In Severson v. Heartland Wood, Inc. No. 15-3754 (7th Cir. Sept. 20, 2017), the employee, Mr. Severson, went out on company approved FMLA leave for severe back pain in June 2013. The day before he was supposed to return to work, he underwent back surgery necessitating an additional 2 or 3 months of medical leave to recover from the surgery. Mr. Severson, having exhausted his FMLA leave, asked his employer Heartland for the additional medical leave. The company refused and terminated his employment. Mr. Severson then sued his employer arguing that he was not being given the extra leave as a reasonable accommodation under the ADA.
The District Court sided with the employer on a summary judgement motion. On appeal, the Seventh Circuit agreed, holding that the employer did not have to provide the additional leave other than the 12 weeks of medical leave available under the FMLA. Specifically, the Seventh stated that, “The ADA is an antidiscrimination statute, not a medical-leave entitlement.” The Court also reasoned that the goal of an ADA accommodation is to allow disabled employees to perform the essential functions of their jobs, not to excuse them from working and that “a multi month leave of absence is beyond the scope of a reasonable accommodation under the ADA.”
The 7th Circuit’s Severson decision conflicts with several ADA decisions from other jurisdictions that have found that a reasonable accommodation under the ADA may include a medical leave of absence when the leave is for a definite and time limited duration and would allow the employee to return to his or her job to perform the essential functions of the job when they are cleared to return to work. However, with the United States Supreme Court’s decision to not take this case up on appeal, there is now a split of authority throughout the country on the issue of whether a medical leave of absence in addition to what is provided under the FMLA can be a reasonable accommodation.
New Jersey employees can take comfort in the fact that our state’s Law Against Discrimination mandates that an extended medical leave of absence, may, in certain circumstances, require that an employer provide a medical leave of absence as a reasonable accommodation. This was the case in Brown v.
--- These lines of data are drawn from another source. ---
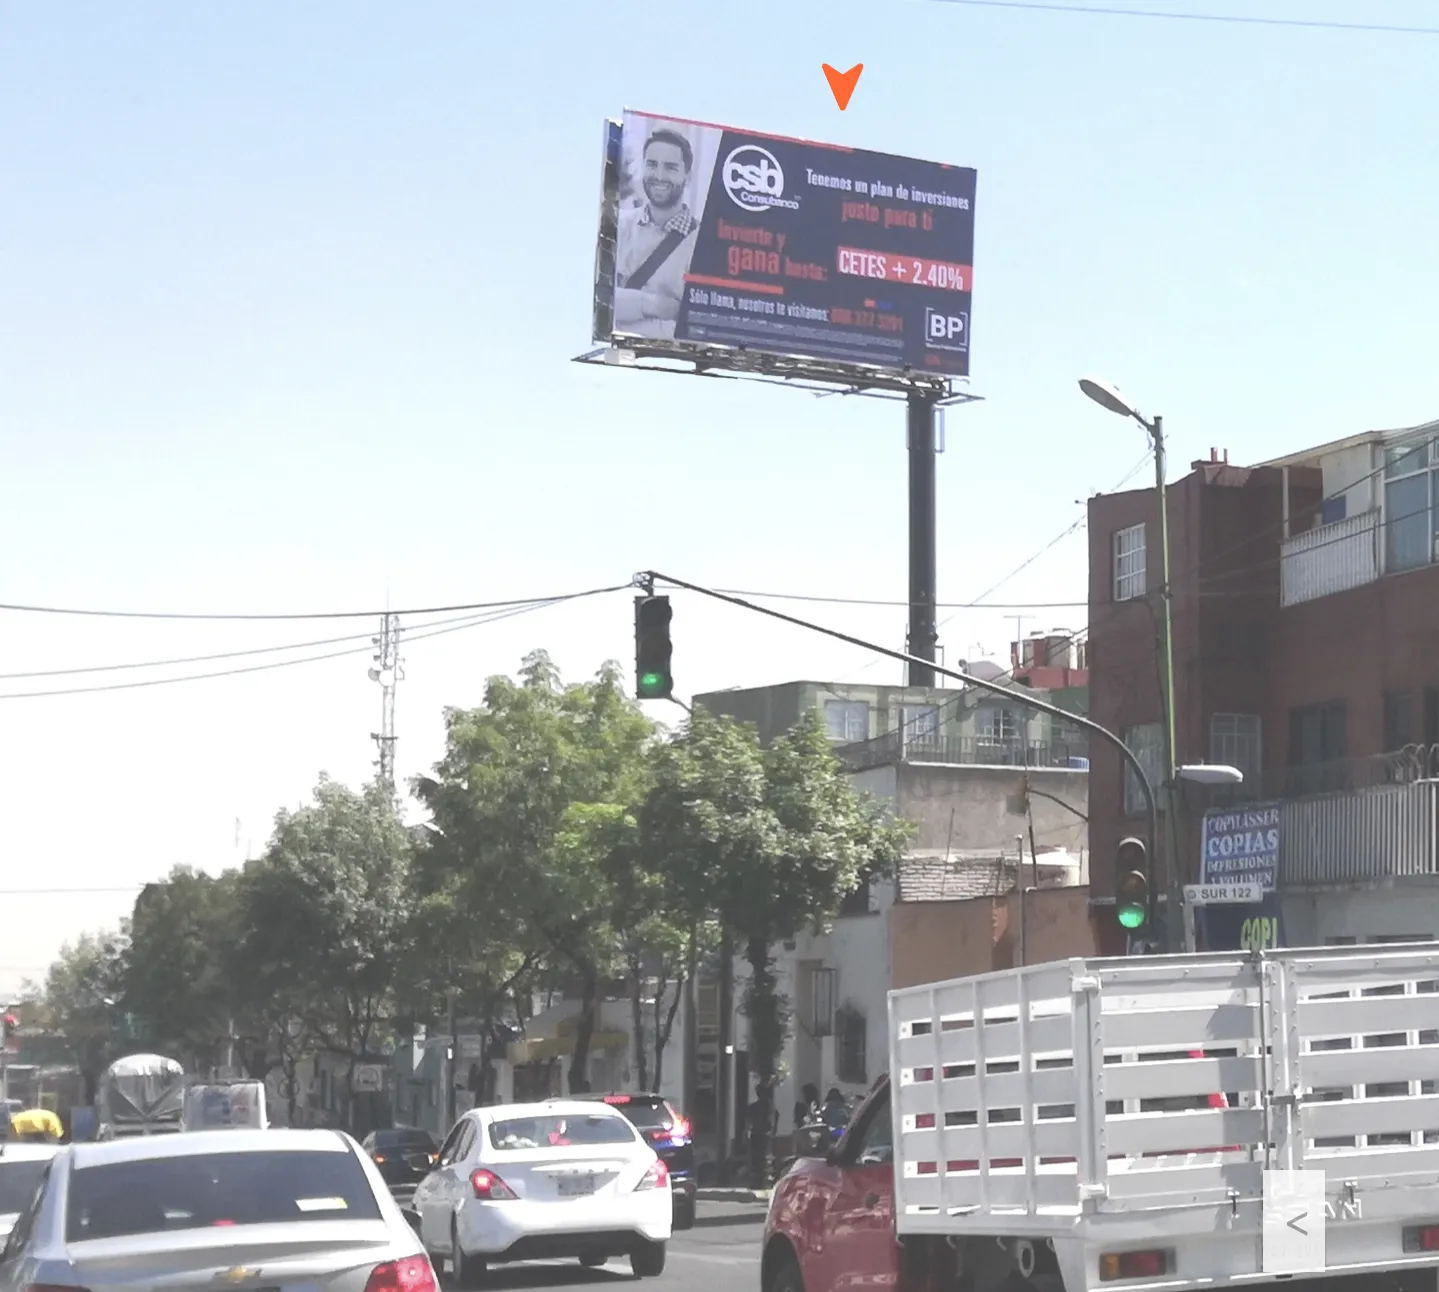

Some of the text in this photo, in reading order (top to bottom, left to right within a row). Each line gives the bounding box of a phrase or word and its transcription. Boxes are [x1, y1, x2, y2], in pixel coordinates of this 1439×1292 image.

[725, 159, 782, 197] csb
[805, 168, 970, 210] Tenemos un plan de inversiones
[728, 245, 780, 276] gana
[839, 250, 964, 291] CETES + 2.40%
[710, 290, 737, 310] llama,
[738, 297, 775, 314] nosotros
[777, 302, 786, 316] te
[929, 313, 965, 339] BP
[1208, 829, 1278, 857] COPIAS
[1201, 888, 1252, 899] SUR 122
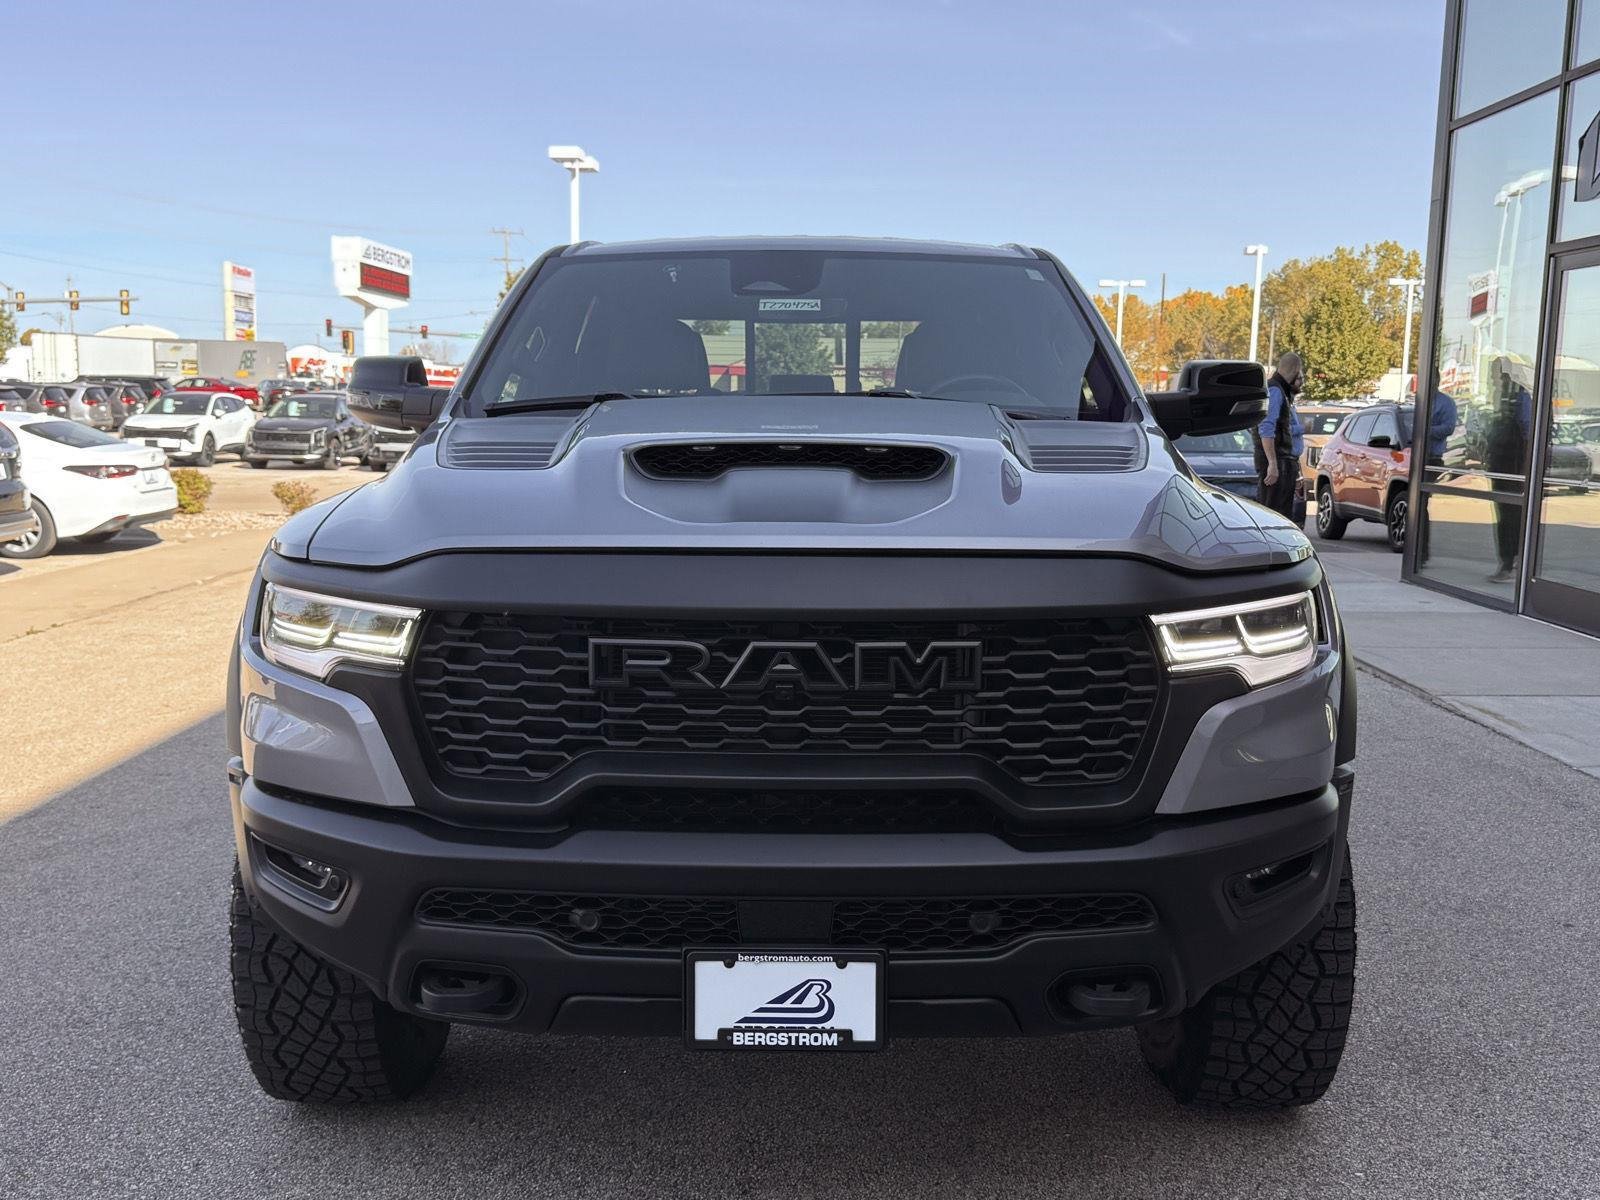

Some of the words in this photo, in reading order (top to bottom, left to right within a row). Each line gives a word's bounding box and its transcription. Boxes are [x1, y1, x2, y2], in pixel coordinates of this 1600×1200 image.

Dunbar Armored Inc., No. 1:2008-3286 (D.N.J. 2009) which like the facts in Severson, involved an employee who needed additional medical leave at the time his FMLA leave was about to expire.
In rejecting a blanket rule that the Law Against Discrimination does not require an employer to provide any additional medical leave passed the 12 weeks provided under the FMLA, the New Jersey District Court found that the employer could be liable for not providing the additional medical leave under the LAD in certain circumstances. The Court noted that in this case, there were genuine issues of disputed facts concerning whether the employer engaged in an interactive process prior to summarily terminating the employee’s employment in response to the employee not being cleared to return to work at the expiration of the FMLA leave.
The interplay between the reasonable accommodations and the FMLA is another example of New Jersey being ahead of the majority of the rest of the country in protecting employee’s rights. While there now appears to be a split around the country concerning whether the ADA can offer further medical leave than what is provided under the FMLA, New Jersey employers are well advised to first engage in an interactive process with their employees to determine whether additional medical leave can be provided under the New Jersey’s Law Against Discrimination.